[Image-backed grounding data]
• • • •

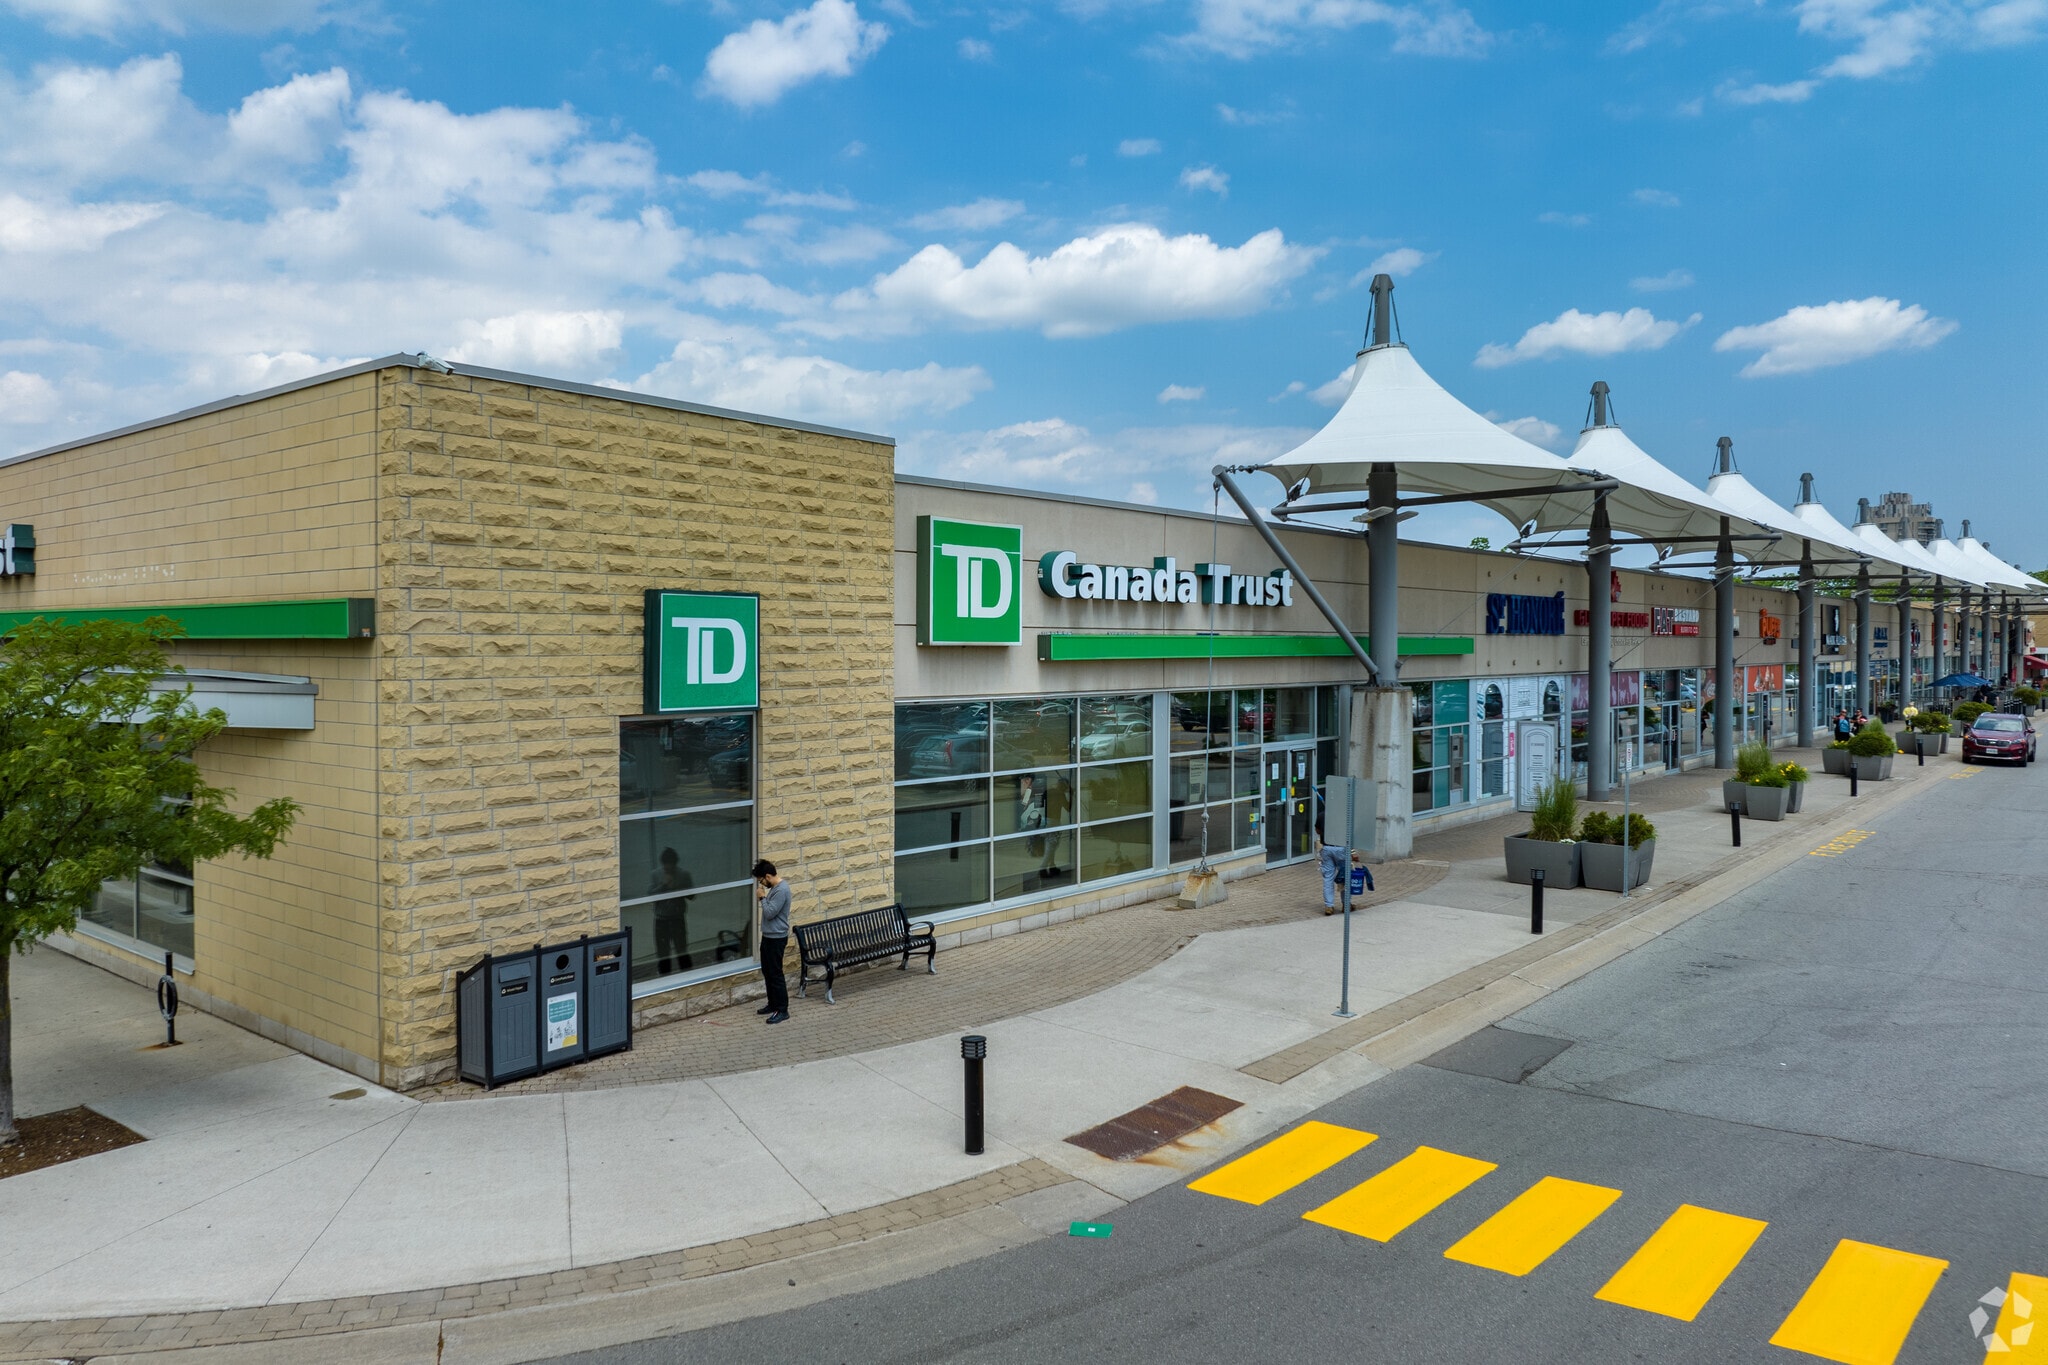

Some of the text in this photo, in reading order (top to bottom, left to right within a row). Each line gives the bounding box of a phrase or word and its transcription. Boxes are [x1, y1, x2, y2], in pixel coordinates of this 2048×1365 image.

[941, 543, 1013, 619] TD
[1049, 550, 1294, 607] Canada Trust
[671, 617, 747, 685] TD
[1653, 607, 1674, 634] FAT

• • • •

Try it
All of the data above is to be repeated exactly, with the pictures left out.

Output below
Some of the text in this photo, in reading order (top to bottom, left to right within a row). Each line gives the bounding box of a phrase or word and its transcription. Boxes are [x1, y1, x2, y2], in pixel coordinates of this 2048×1365 image.

[941, 543, 1013, 619] TD
[1049, 550, 1294, 607] Canada Trust
[671, 617, 747, 685] TD
[1653, 607, 1674, 634] FAT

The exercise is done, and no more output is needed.